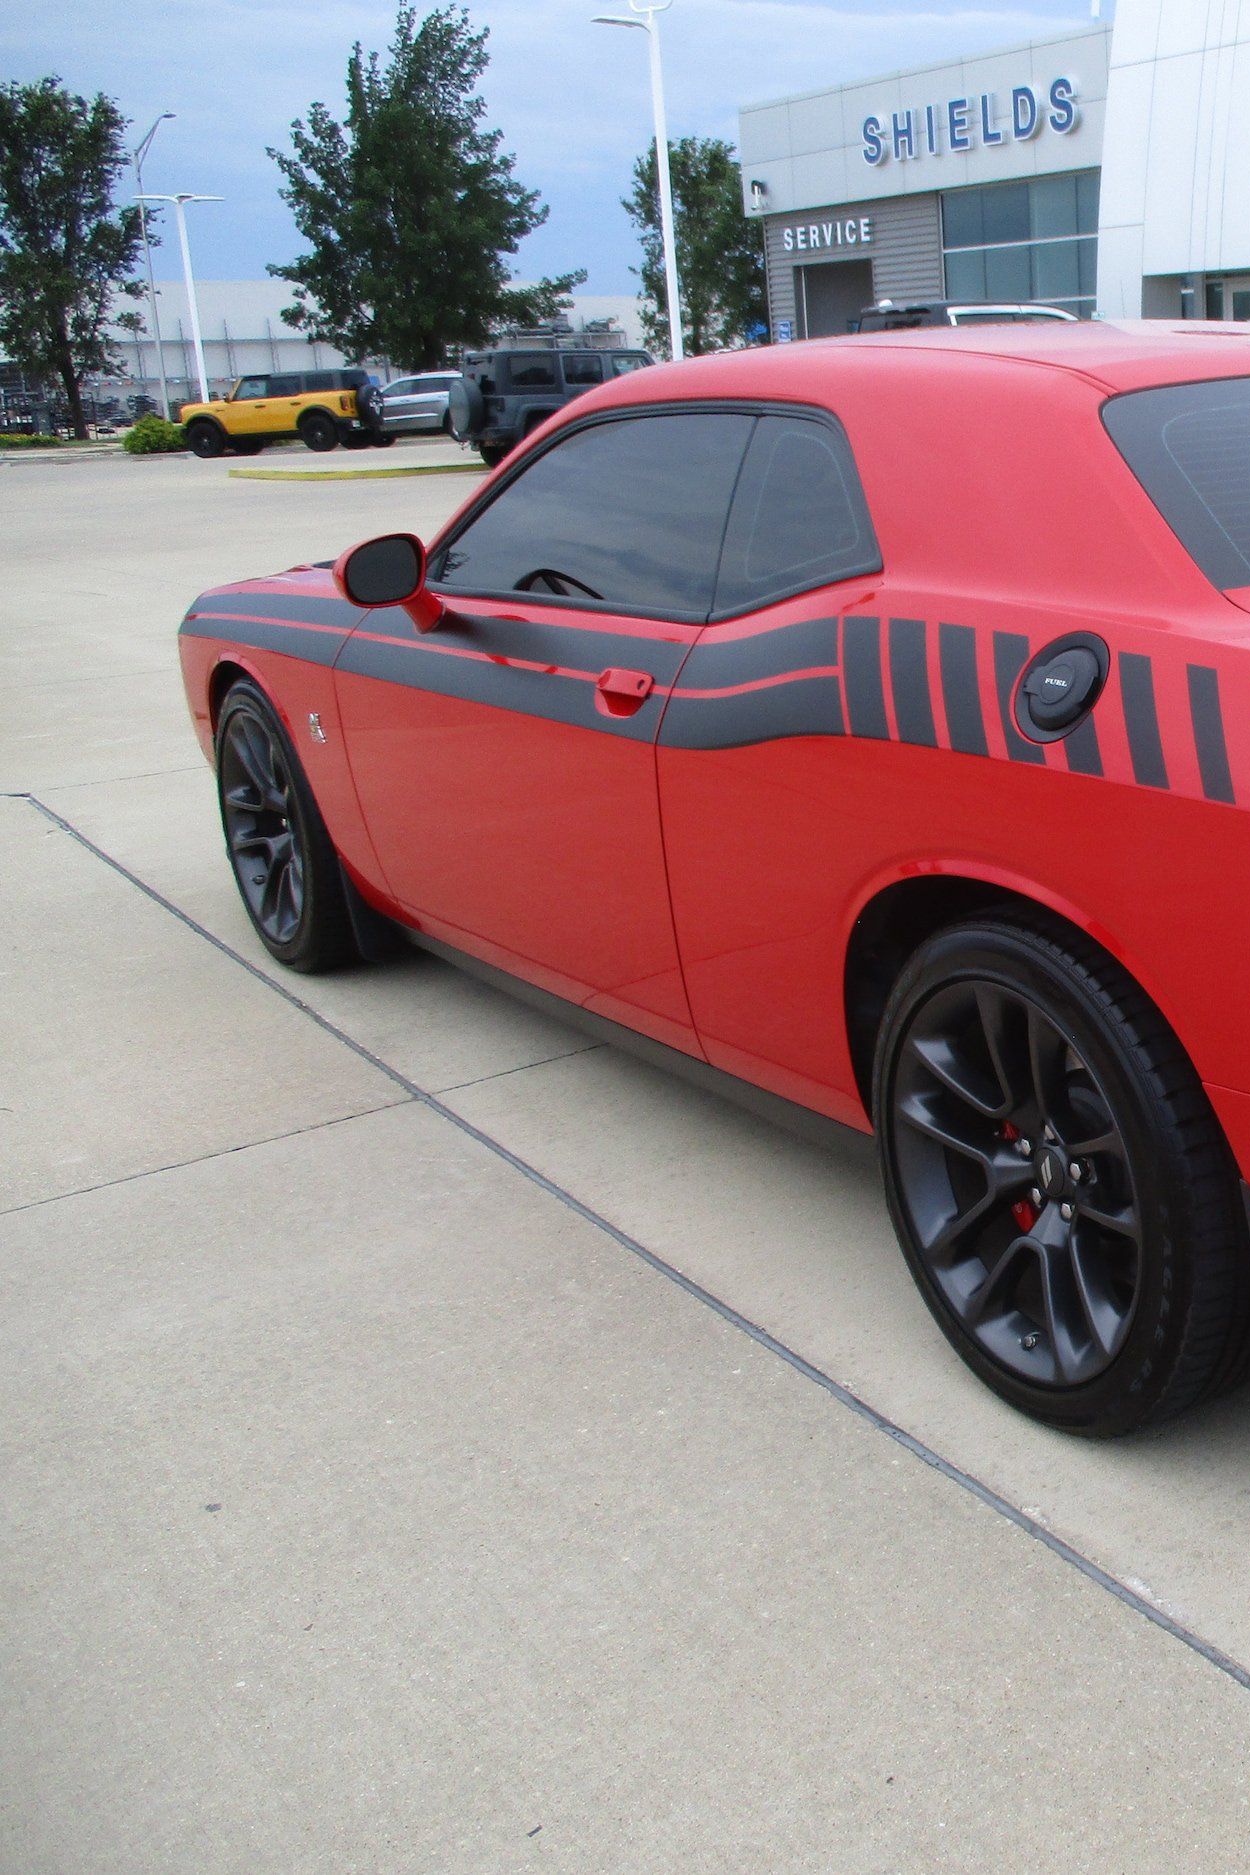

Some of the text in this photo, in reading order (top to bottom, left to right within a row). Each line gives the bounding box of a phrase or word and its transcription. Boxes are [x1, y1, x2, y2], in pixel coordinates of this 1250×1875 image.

[862, 77, 1077, 167] SHIELDS
[783, 218, 871, 251] SERVICE
[1044, 677, 1068, 687] FUEL
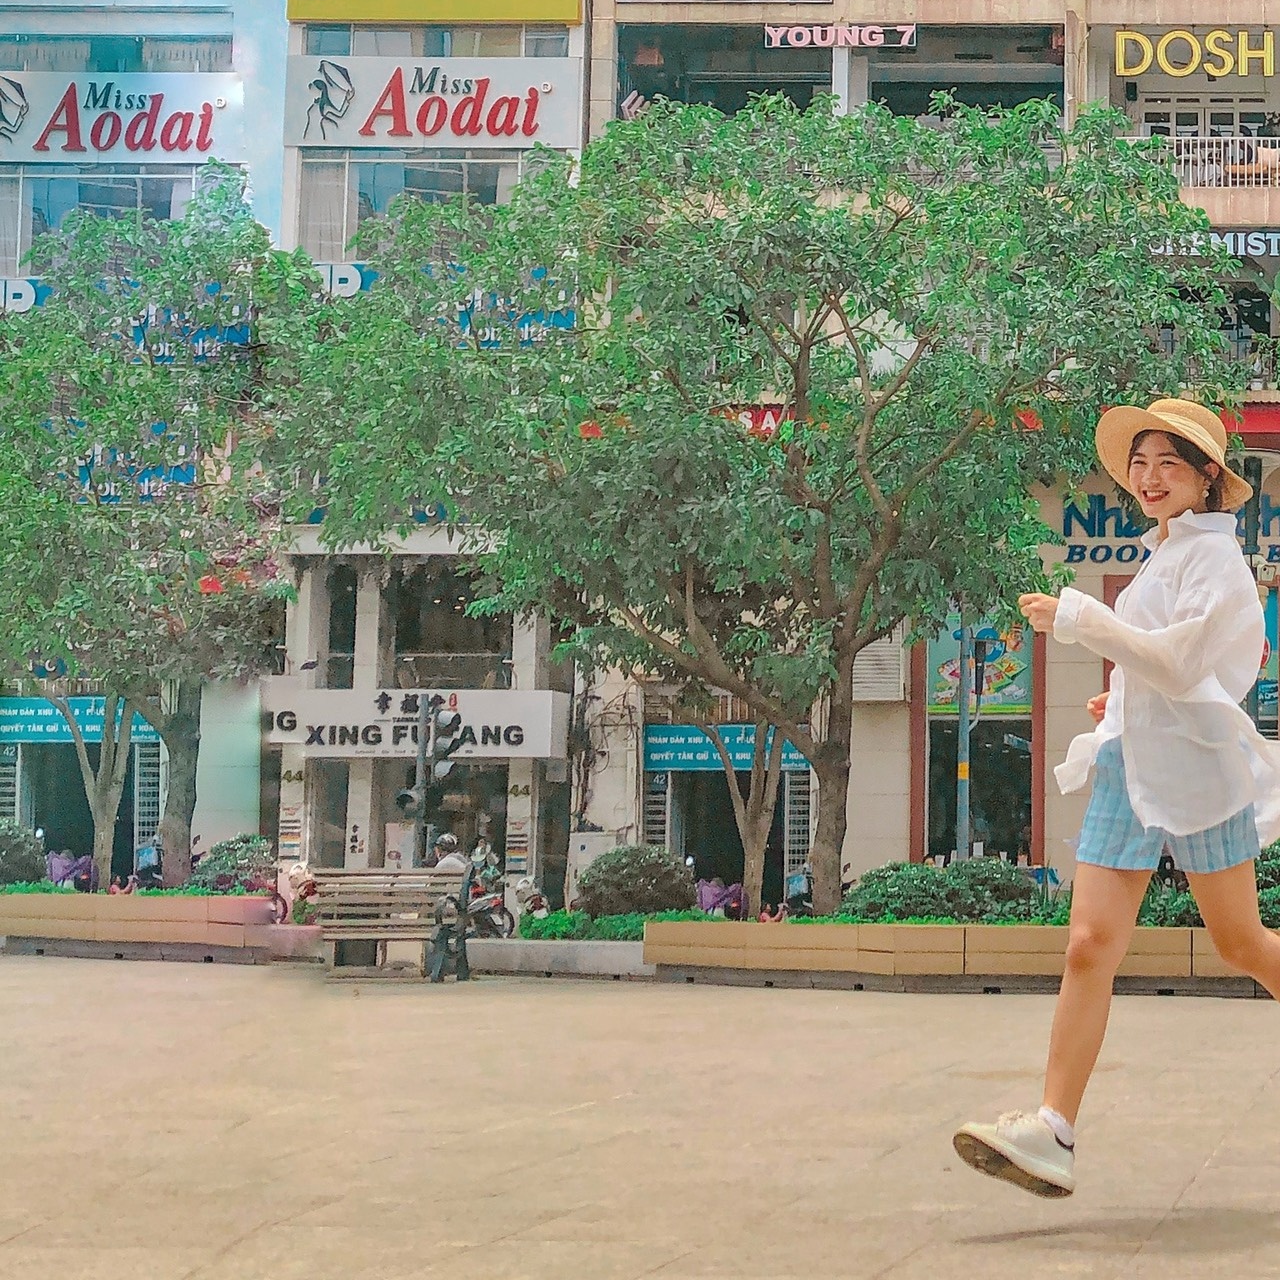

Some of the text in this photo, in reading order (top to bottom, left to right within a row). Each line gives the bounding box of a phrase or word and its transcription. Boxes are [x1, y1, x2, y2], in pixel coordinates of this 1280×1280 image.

[765, 25, 917, 47] YOUNG 7
[1115, 30, 1274, 77] DOSH
[409, 66, 474, 95] Miss
[83, 82, 149, 110] Miss
[305, 724, 382, 746] XING
[453, 724, 524, 746] ANG
[3, 746, 15, 756] 42
[653, 773, 666, 784] 42
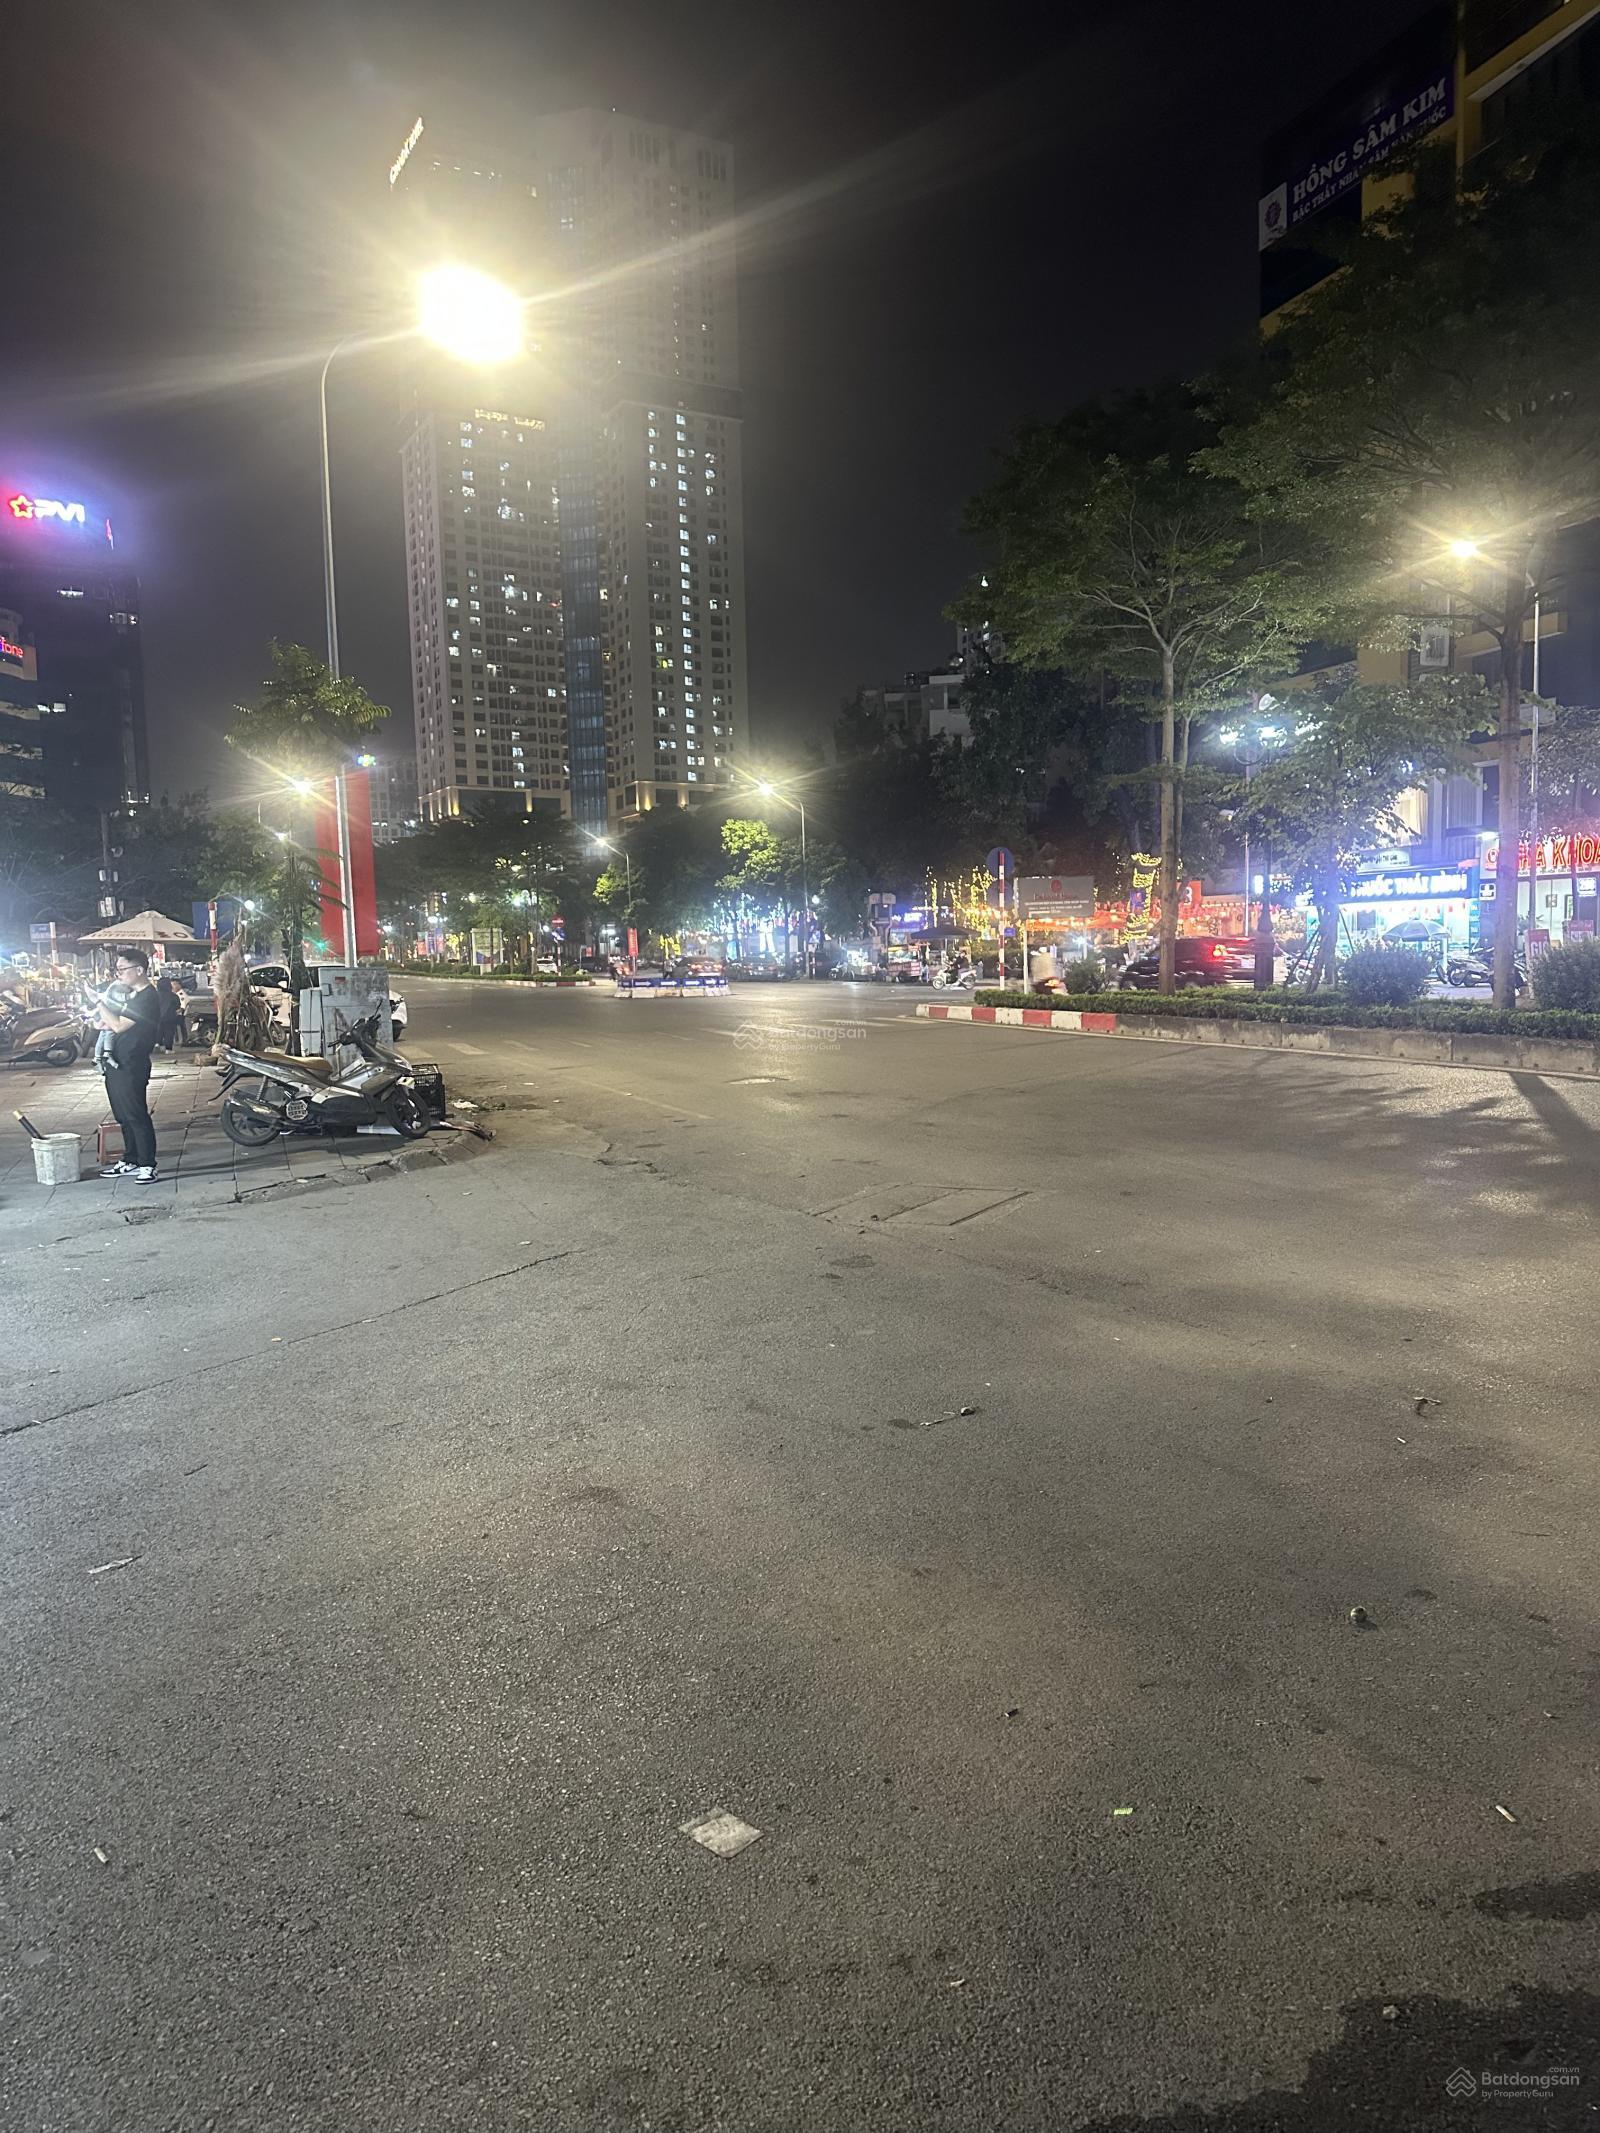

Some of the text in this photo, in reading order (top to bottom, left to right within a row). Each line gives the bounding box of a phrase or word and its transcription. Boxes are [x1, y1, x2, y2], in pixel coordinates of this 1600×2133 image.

[1352, 113, 1398, 161] SÂM
[1402, 77, 1447, 126] KIM
[33, 498, 86, 523] PVI

About this task:
Output the listing above exactly, pictures omitted.

Your response:
Some of the text in this photo, in reading order (top to bottom, left to right within a row). Each line gives the bounding box of a phrase or word and its transcription. Boxes are [x1, y1, x2, y2], in pixel coordinates of this 1250×1875 image.

[862, 77, 1077, 167] SHIELDS
[783, 218, 871, 251] SERVICE
[1044, 677, 1068, 687] FUEL

Some of the text in this photo, in reading order (top to bottom, left to right within a row). Each line gives the bounding box of a phrase or word and its transcription. Boxes are [x1, y1, x2, y2], in pixel coordinates of this 1280×1280 image.

[765, 25, 917, 47] YOUNG 7
[1115, 30, 1274, 77] DOSH
[409, 66, 474, 95] Miss
[83, 82, 149, 110] Miss
[305, 724, 382, 746] XING
[453, 724, 524, 746] ANG
[3, 746, 15, 756] 42
[653, 773, 666, 784] 42

Some of the text in this photo, in reading order (top to bottom, left to right within a row). Each line gives the bounding box of a phrase or word and its transcription. Boxes are [x1, y1, x2, y2], in pixel coordinates of this 1600×2133 image.

[1352, 113, 1398, 161] SÂM
[1402, 77, 1447, 126] KIM
[33, 498, 86, 523] PVI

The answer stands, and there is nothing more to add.